Nesse período, os ralis tinham ainda pouca ou nenhuma exigência competitiva: os automóveis utilizados eram estritamente de série e a velocidade não era ainda um elemento fundamental, na medida em que os participantes deveriam apenas superar o percurso estabelecido a uma determinada média horária.

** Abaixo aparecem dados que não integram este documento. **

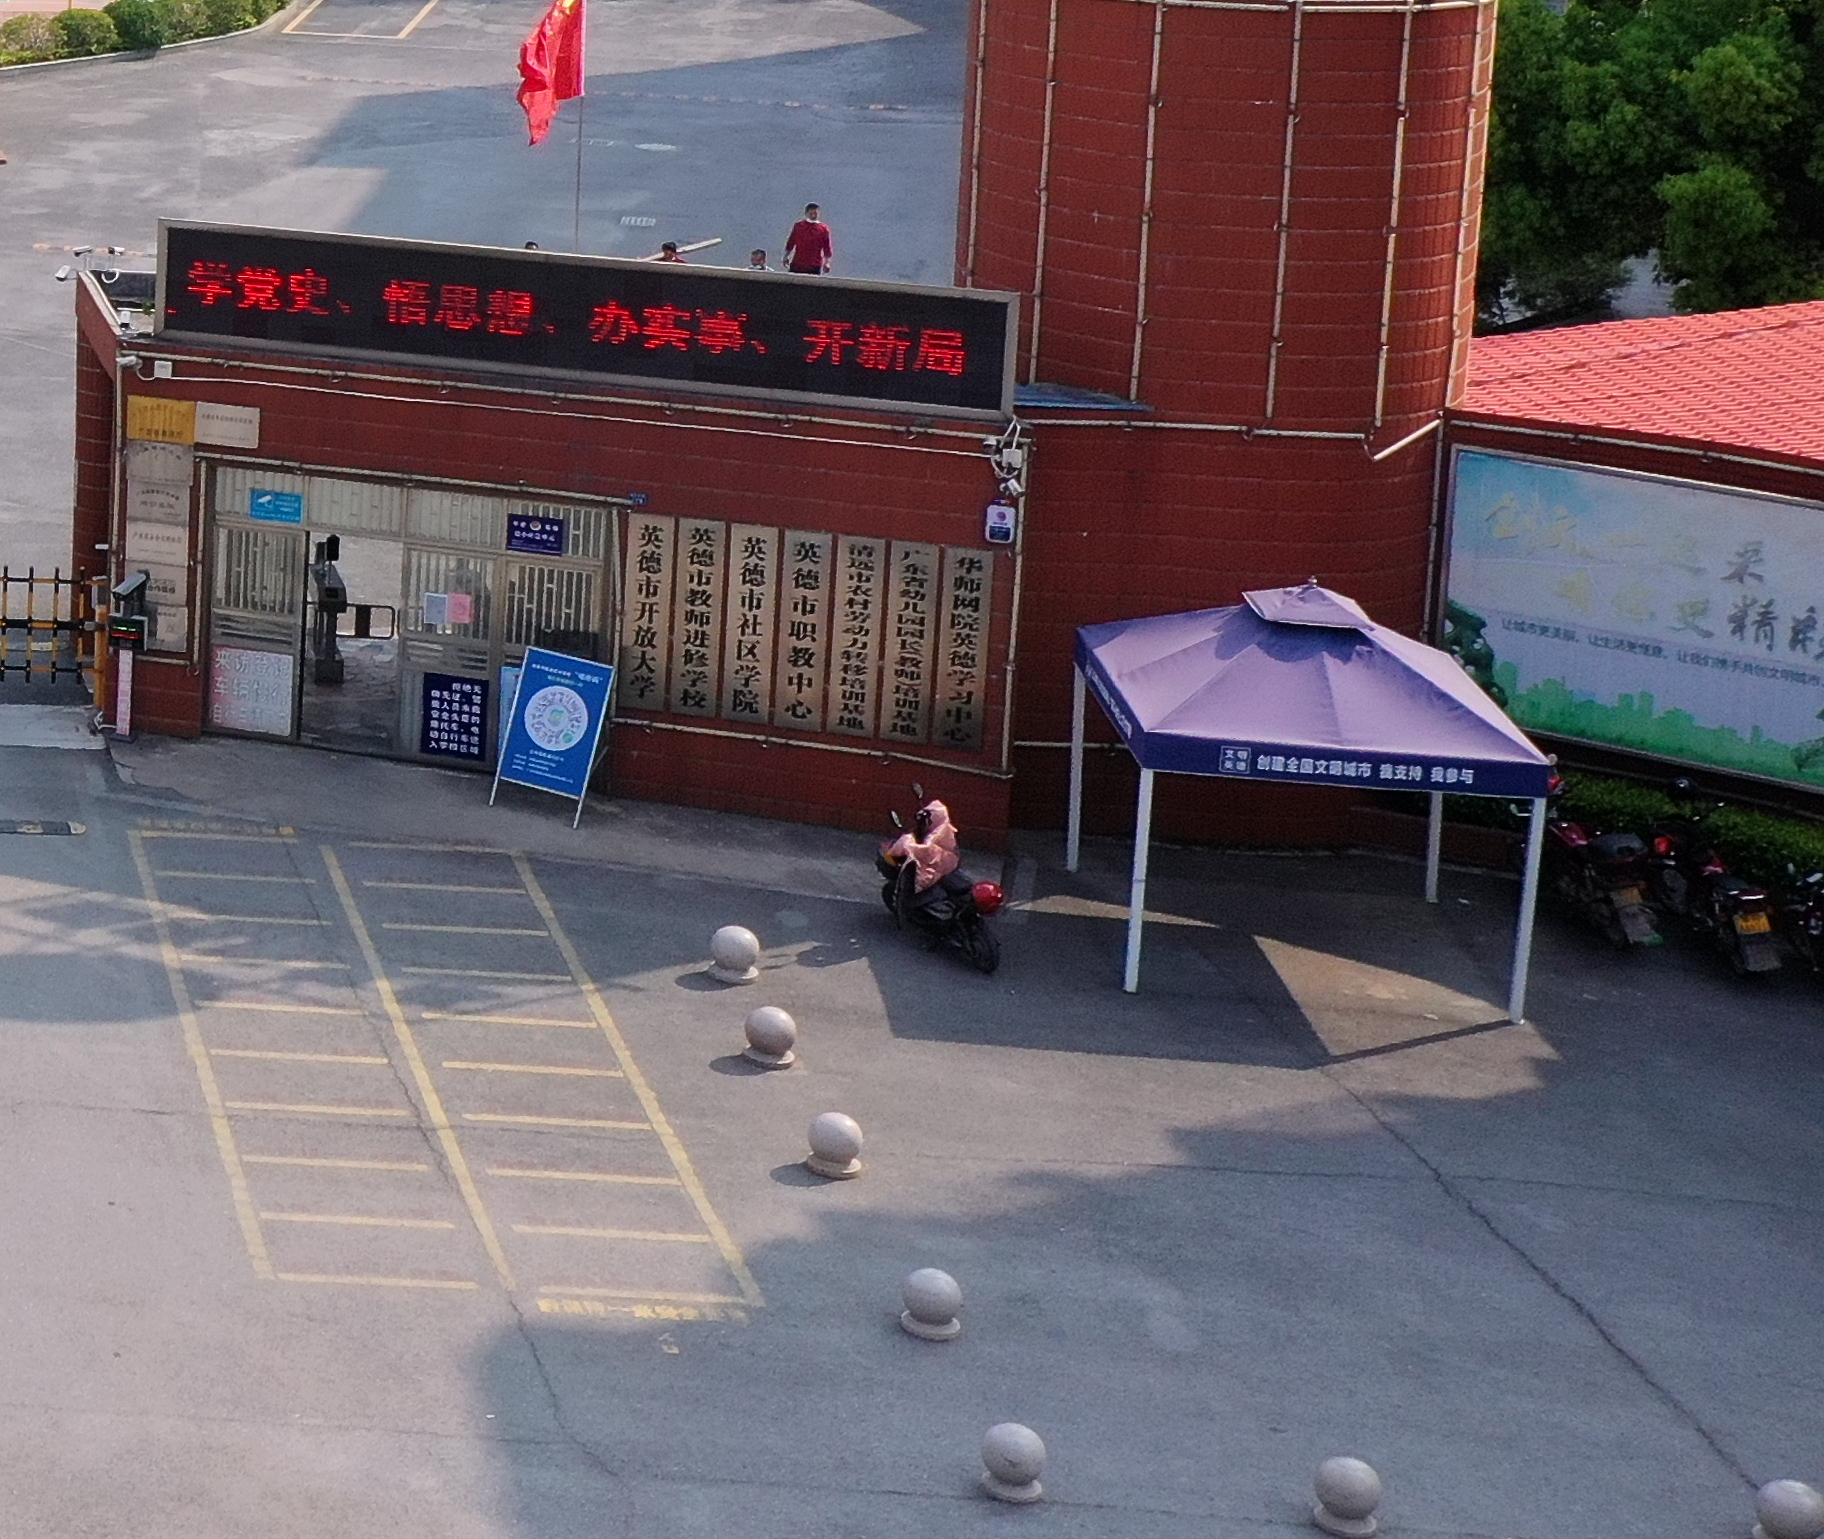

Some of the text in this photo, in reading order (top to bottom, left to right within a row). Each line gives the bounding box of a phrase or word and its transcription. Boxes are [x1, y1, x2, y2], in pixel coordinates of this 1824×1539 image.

[629, 524, 665, 699] 英德市开放大学
[679, 527, 716, 709] 英德市教师进修学校
[731, 536, 768, 714] 英德市社区学院
[784, 541, 822, 720] 英德市职教中心
[837, 543, 875, 730] 清远市农村劳动力转移培训基地
[942, 556, 984, 742] 华师网院英德学习中心
[1256, 754, 1475, 785] 创建全国文明城市 我支持 我参与
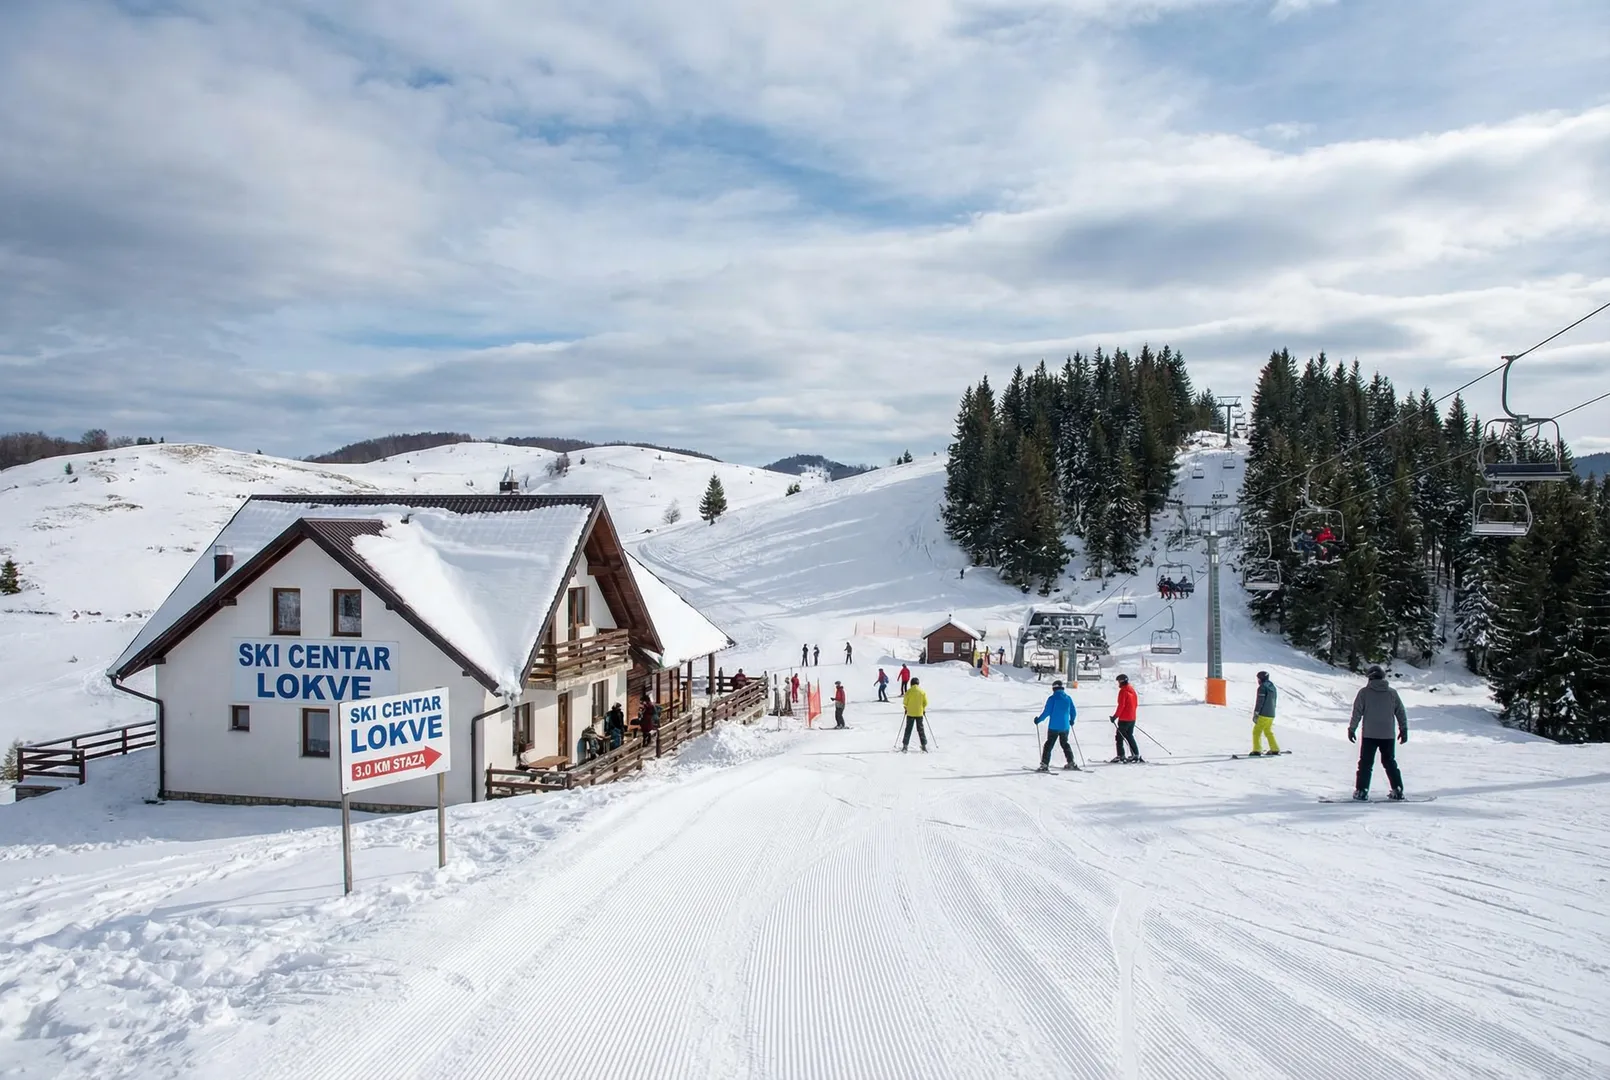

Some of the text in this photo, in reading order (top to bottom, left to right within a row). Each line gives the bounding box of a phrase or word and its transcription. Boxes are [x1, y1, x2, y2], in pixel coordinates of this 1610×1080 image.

Por norma, entre os 40 e os 50 km/h – tanto quanto a então Direcção-Geral dos Transportes Terrestres autorizava.Mas como estas médias eram relativamente fáceis de cumprir, mesmo para a época, os organizadores sentiram a necessidade de acrescentar uma ou duas provas complementares de perícia (aceleração, marcha-atrás ou slalom) para determinar a classificação daqueles que terminassem a prova de estrada sem penalizações.

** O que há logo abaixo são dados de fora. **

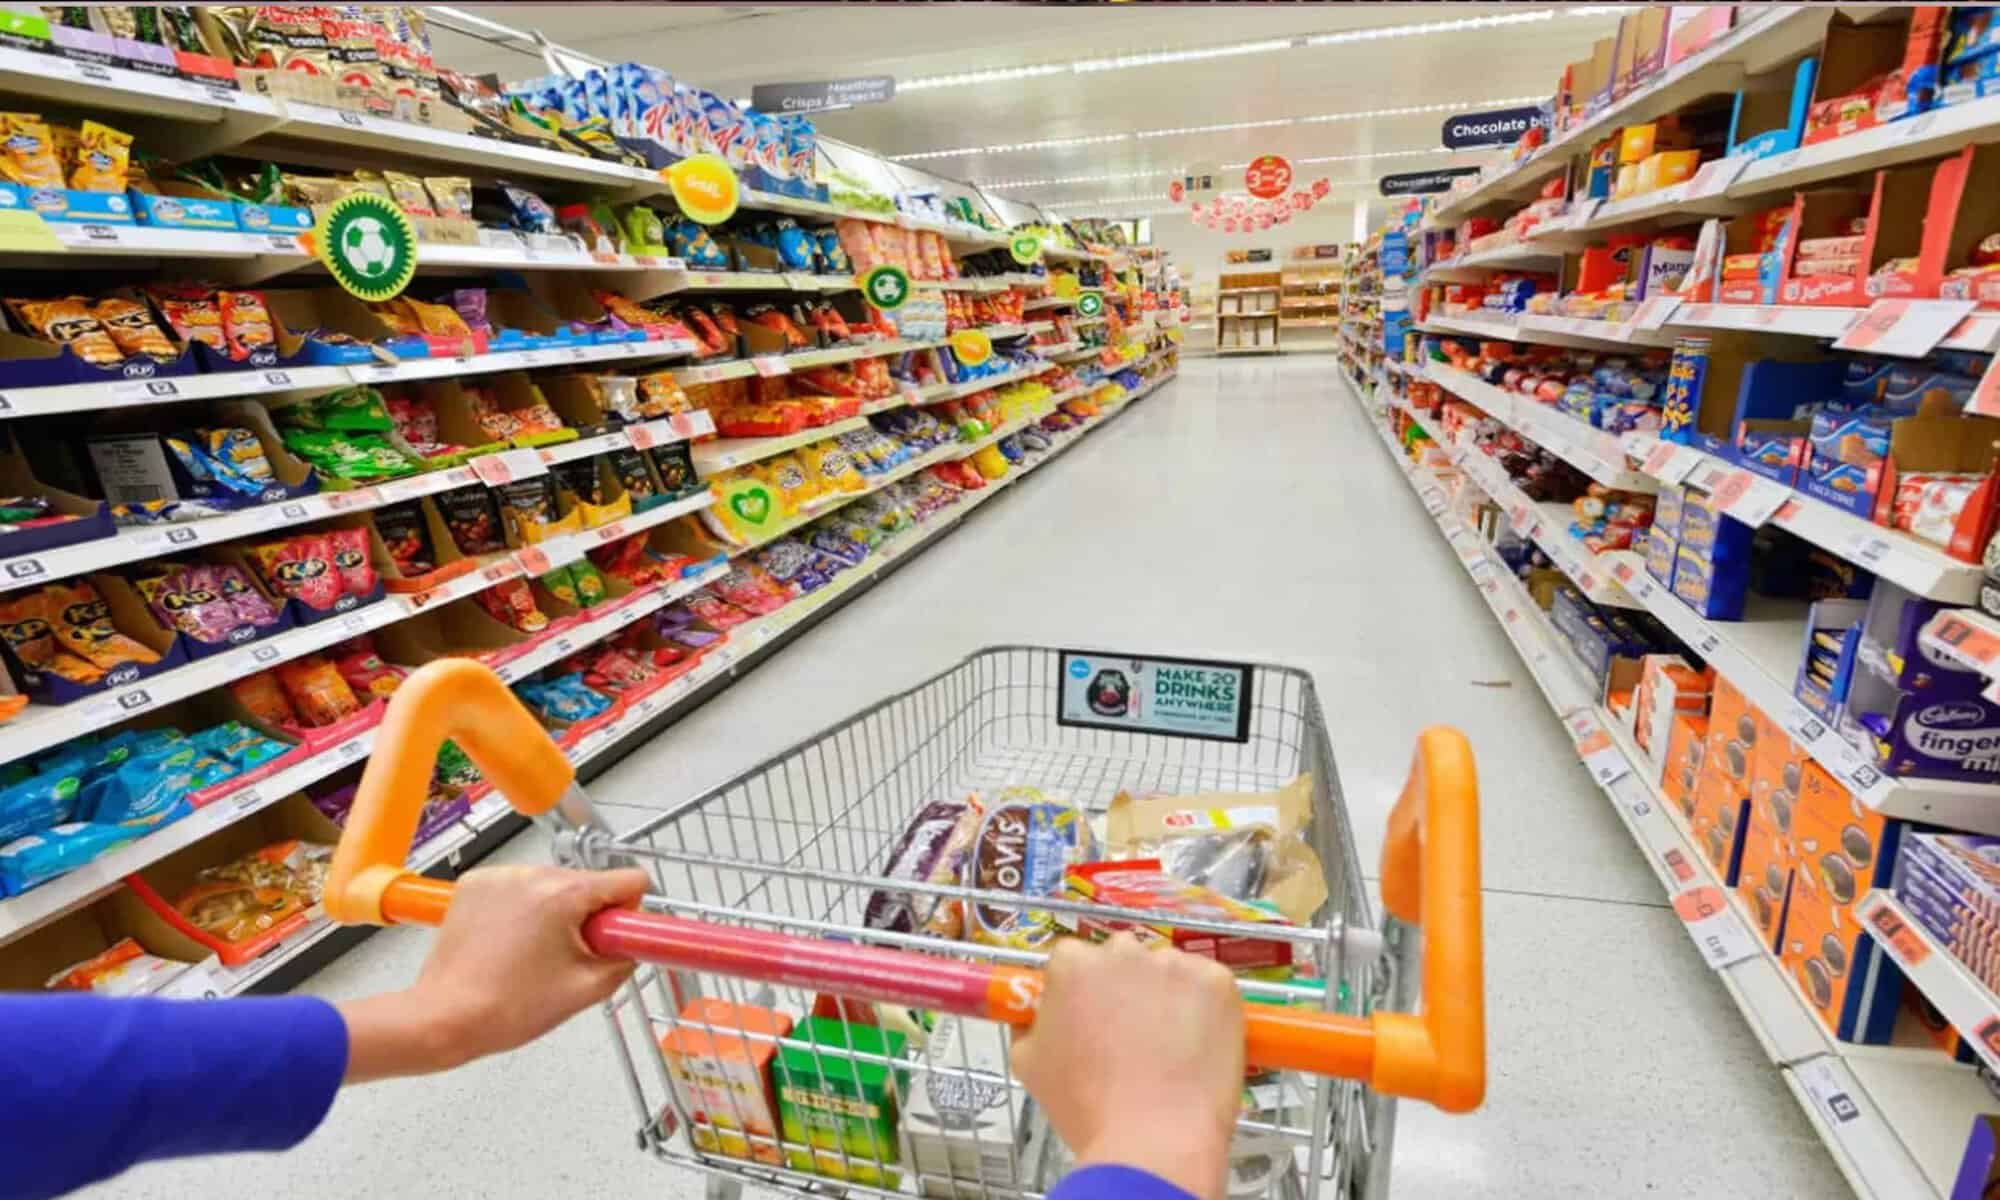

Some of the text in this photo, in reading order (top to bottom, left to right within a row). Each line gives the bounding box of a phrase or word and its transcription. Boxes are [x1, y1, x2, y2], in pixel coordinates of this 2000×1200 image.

[781, 91, 886, 112] Crisps & Snacks
[1452, 118, 1527, 138] Chocolate
[1246, 168, 1290, 187] 3 2
[1156, 667, 1237, 685] MAKE 20
[1155, 681, 1236, 701] DRINKS
[1154, 698, 1234, 713] ANYWHERE

Assim, de meros passeios de regularidade, os ralis passaram a ser decididos na estrada, onde já não era possível fazer “tudo a zero”, com a colocação de Controlos Horários consecutivos, a maioria deles com mais quilómetros do que os indicados nas cartas de itinerários, o que tornava as médias impossíveis de cumprir, levando todas as equipas
a penalizar. No fundo, era o figurino europeu da época.
Nasciam os ralis modernos
Usando este artifício legal, estava aberto o caminho para os ralis modernos e para o nascimento das chamadas Provas Especiais de Classificação (vulgo, PEC), solução encontrada pelos organizadores escandinavos no final da década de 50 para fazer face às muitas restrições impostas pelas autoridades locais, quando o aumento do tráfego se tornou evidente e a Europa estava bastante sensível aos problemas de segurança das provas automobilísticas.
Por esse motivo, os clubes apresentaram a possibilidade de realizar ralis em estradas fechadas ao tráfego, somando no final os melhores tempos em cada troço cronometrado, num esquema que foi evoluindo até se chegar à fórmula próxima dos troços cronometrados. Mesmo assim, não foi uma transição pacífica e fácil, pois era necessário mudar as mentalidades dos organizadores e dos próprios pilotos, até aí habituados a ganhar nos piões e travagens das provas complementares. Visionários portugueses Durante largos anos, os ralis portugueses continuaram fiéis a este último modelo, à semelhança do acontecia em Inglaterra, enquanto no resto da Europa
as provas de estrada começavam já a oferecer verdadeira competição.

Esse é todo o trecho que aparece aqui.